Africa’s new anti-malarial drug has showed promising test results.
July 31, 2015 The University of Cape Town’s Drug Discovery and Development Centre, H3D, has announced that tests on a potential single-dose cure for malaria have shown encouraging results and are attracting several international interests and funding.
The new compound, MMV048, has proved potent and highly successful in curing malaria in its preclinical studies. The drug is designed to prevent the transmission of plasmodium parasites.
Kelly Chibale, a professor of organic chemistry, talked about the success of the project.
“So what we have done in the last three years since the announcement was in 2012 we have taken this to phase one human clinic trials and of course there is a long way to go, the potential that this compound offers is more than just the potential to impact Malaria control but also the potential to impact eradication because it is able to block transmission” He said.

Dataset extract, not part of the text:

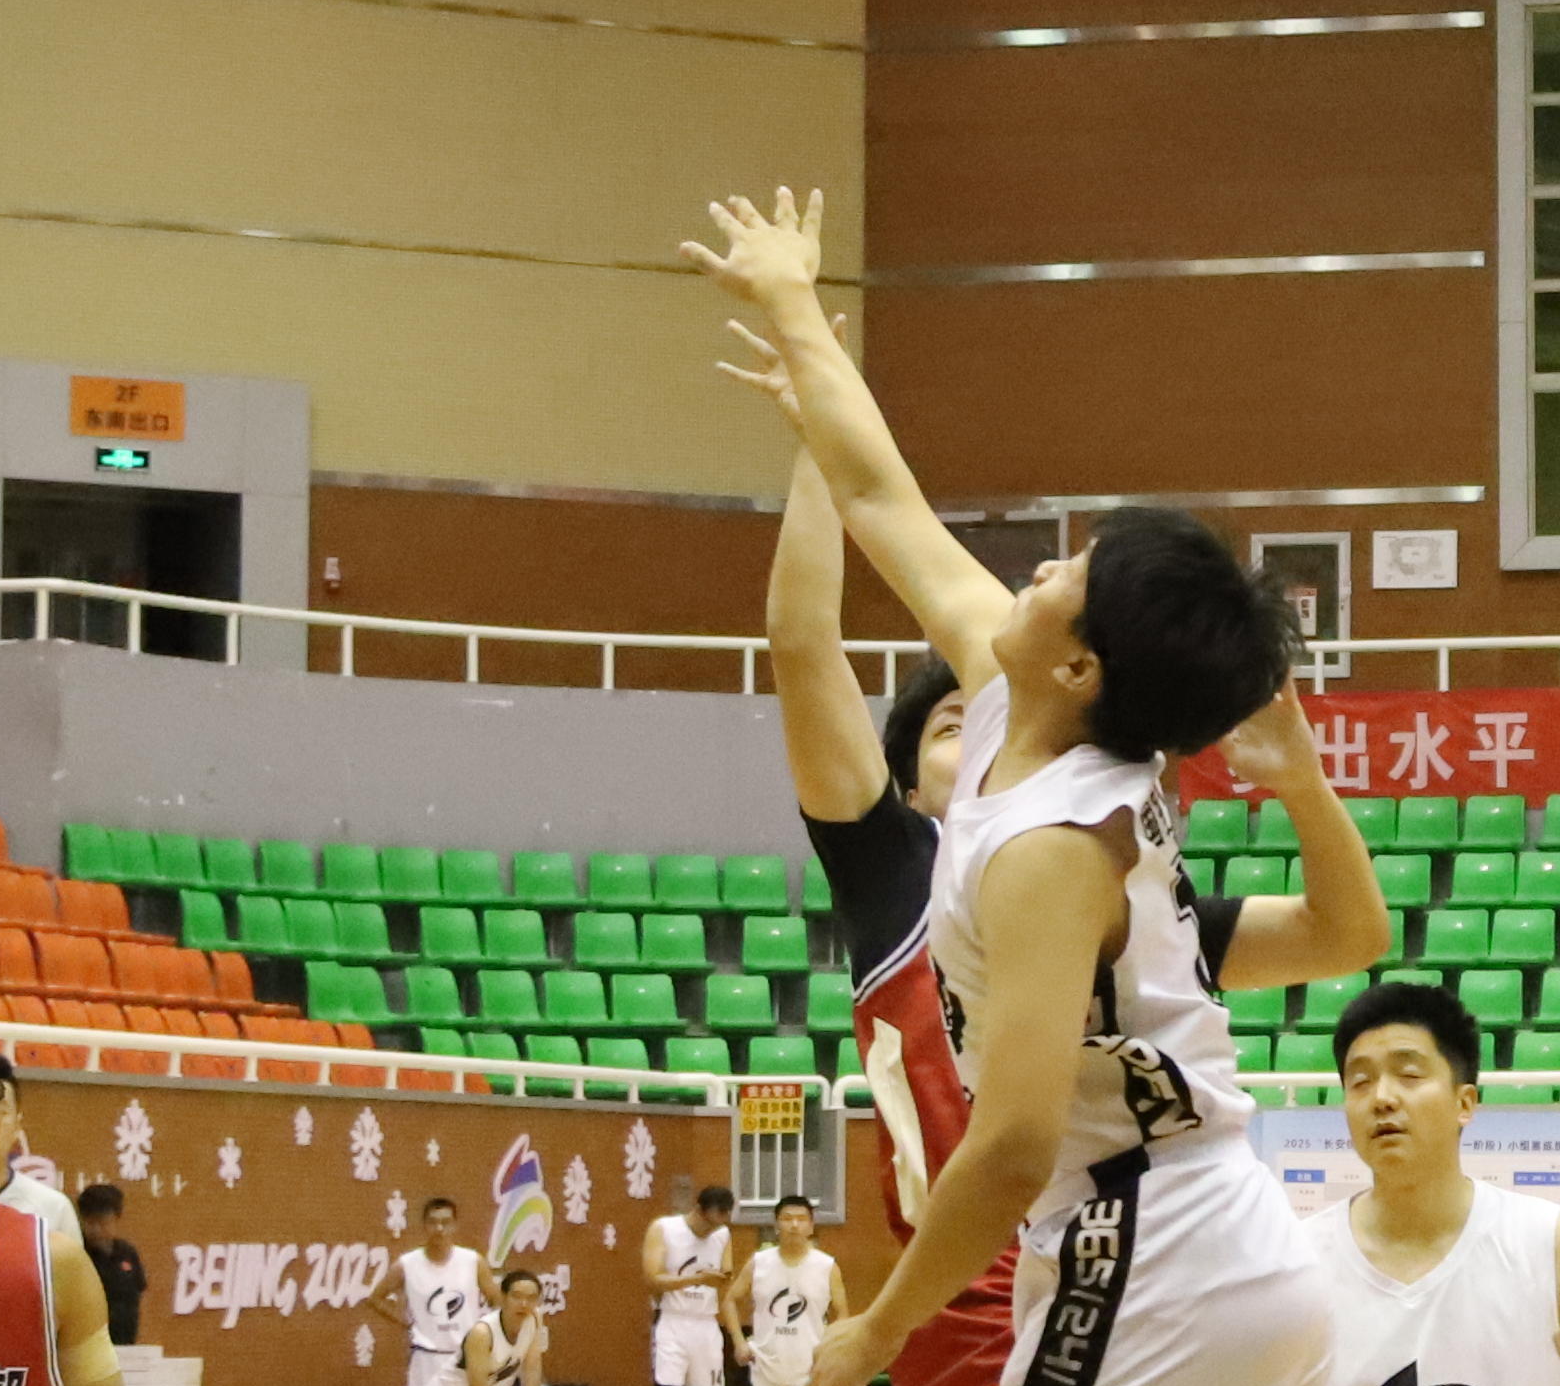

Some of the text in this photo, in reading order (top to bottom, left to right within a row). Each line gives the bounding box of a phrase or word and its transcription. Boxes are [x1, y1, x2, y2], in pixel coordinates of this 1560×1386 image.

[1228, 712, 1535, 793] 出水平
[172, 1242, 390, 1330] BEIJING 2022
[710, 1369, 723, 1386] 14

Chibale also added that this is the first molecule from Africa to undergo clinical trials at the facility.
“So in a nut shell we have taken it to phase-one clinic trials, we have done extensive safety testing as a requirement and then thirdly we have looked at the process of manufacturing the drug on a large scale“
Chibale also said that the success had attracted a range of local and global partners and some foreign direct investment, while scientists from the USA, Europe, India and Africa had joined the program since the breakthrough was announced, including five senior scientists from the Western pharmaceutical industry.

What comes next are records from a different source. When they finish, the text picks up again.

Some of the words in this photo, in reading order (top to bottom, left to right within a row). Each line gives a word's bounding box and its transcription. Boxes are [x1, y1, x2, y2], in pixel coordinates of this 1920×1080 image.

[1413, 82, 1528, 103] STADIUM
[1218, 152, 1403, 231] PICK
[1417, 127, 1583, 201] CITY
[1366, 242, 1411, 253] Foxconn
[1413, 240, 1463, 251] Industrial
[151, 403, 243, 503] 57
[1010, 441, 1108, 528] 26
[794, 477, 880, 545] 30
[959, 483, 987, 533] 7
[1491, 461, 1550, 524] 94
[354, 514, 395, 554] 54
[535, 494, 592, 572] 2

The malaria programme, which is carried out by the University of Cape Town’s Drug Discovery and Development Centre in collaboration with Medicines for Malaria Venture (MMV), was selected for further development by MMV’s expert scientific advisory committee in July 2012.
On the back of that, Mosquirix, the world’s first malaria vaccine has received a green light from European drug regulators.

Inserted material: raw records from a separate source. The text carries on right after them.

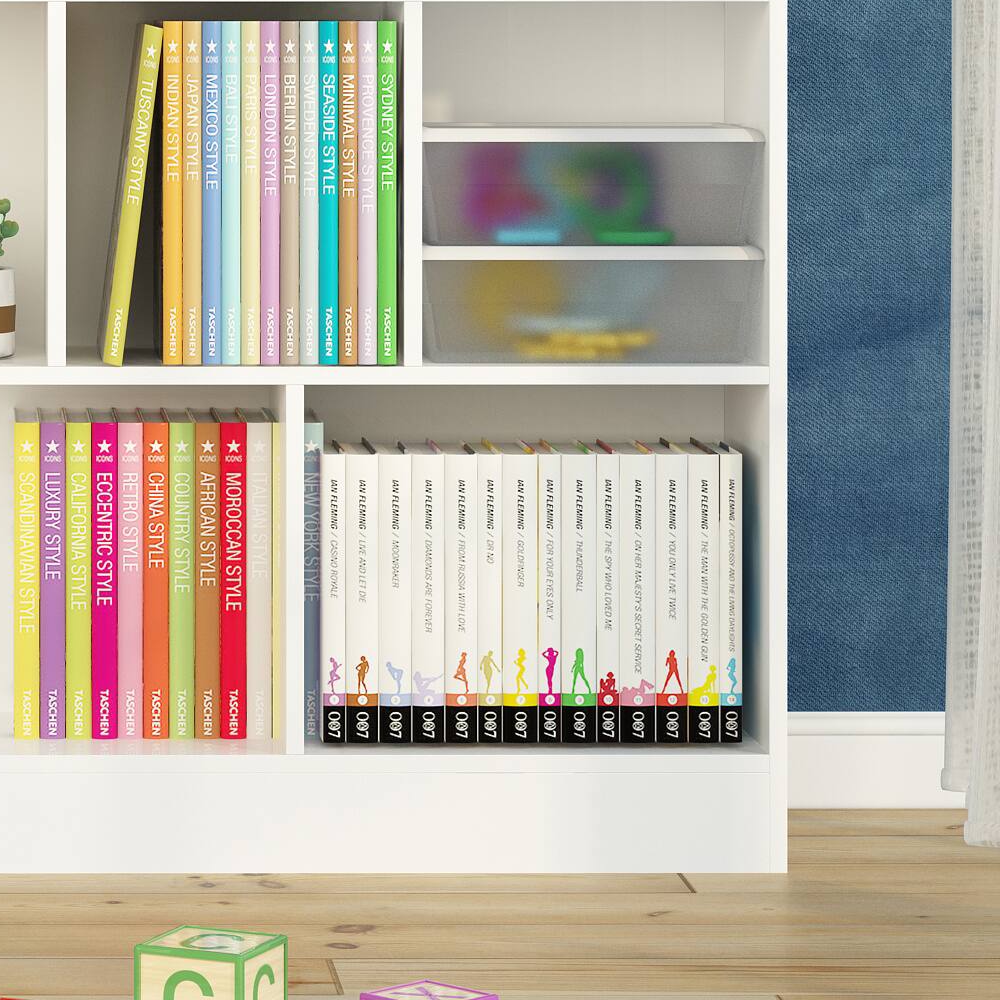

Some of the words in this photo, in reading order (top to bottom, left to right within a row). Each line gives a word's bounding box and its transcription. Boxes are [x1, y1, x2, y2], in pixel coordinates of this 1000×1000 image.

[167, 74, 179, 127] INDIAN
[186, 73, 198, 127] JAPAN
[206, 74, 218, 136] MEXICO
[226, 74, 237, 108] BALI
[264, 74, 276, 142] LONDON
[284, 74, 296, 130] BERLIN
[322, 73, 335, 140] SEASIDE
[343, 74, 354, 143] MINIMAL
[381, 73, 393, 137] SYDNEY
[134, 79, 154, 153] TUSCANY
[226, 114, 237, 163] STYLE
[362, 74, 374, 160] PROVENCE
[127, 157, 148, 205] STYLE
[167, 133, 179, 182] STYLE
[186, 132, 198, 181] STYLE
[206, 141, 218, 190] STYLE
[264, 148, 276, 196] STYLE
[284, 136, 296, 184] STYLE
[322, 146, 335, 195] STYLE
[343, 148, 354, 198] STYLE
[381, 141, 393, 191] STYLE
[362, 165, 374, 213] STYLE
[169, 307, 177, 357] TASCHEN
[208, 307, 216, 357] TASCHEN
[345, 307, 353, 357] TASCHEN
[45, 472, 60, 529] LUXURY
[122, 472, 138, 521] RETRO
[148, 472, 164, 518] CHINA
[174, 472, 190, 543] COUNTRY
[200, 472, 216, 536] AFRICAN
[304, 472, 319, 507] NEW
[330, 479, 338, 493] IAN
[19, 472, 35, 583] SCANDINAVIAN
[71, 472, 86, 560] CALIFORNIA
[96, 472, 112, 556] ECCENTRIC
[226, 472, 241, 560] MOROCCAN
[304, 512, 319, 551] YORK
[330, 495, 338, 530] FLEMING
[45, 535, 60, 579] STYLE
[122, 526, 138, 572] STYLE
[148, 523, 164, 568] STYLE
[174, 548, 190, 592] STYLE
[200, 541, 216, 586] STYLE
[71, 565, 86, 610] STYLE
[96, 560, 112, 606] STYLE
[226, 565, 241, 611] STYLE
[304, 556, 319, 602] STYLE
[19, 588, 35, 632] STYLE
[22, 689, 32, 735] TASCHEN
[100, 689, 109, 735] TASCHEN
[177, 689, 187, 735] TASCHEN

Mosquirix, also known as RTS, was assessed for quality, safety and efficacy under a special procedure that allows the European Medicines Agency (EMA) to evaluate a product even if it will not be marketed in the European Union.
Developed by British drug maker GlaxoSmithKline and the PATH Malaria Vaccine Initiative, the drug is the first licensed human vaccine against a parasitic disease, according to GSK’s Chief Executive Officer Andrew Witty.
“This is the world’s first vaccine against any parasite. It’s not just the first vaccine against malaria. It’s never been done before and as recently as 10 years ago well informed scientific opinion would say that this was an impossible mission,” he said.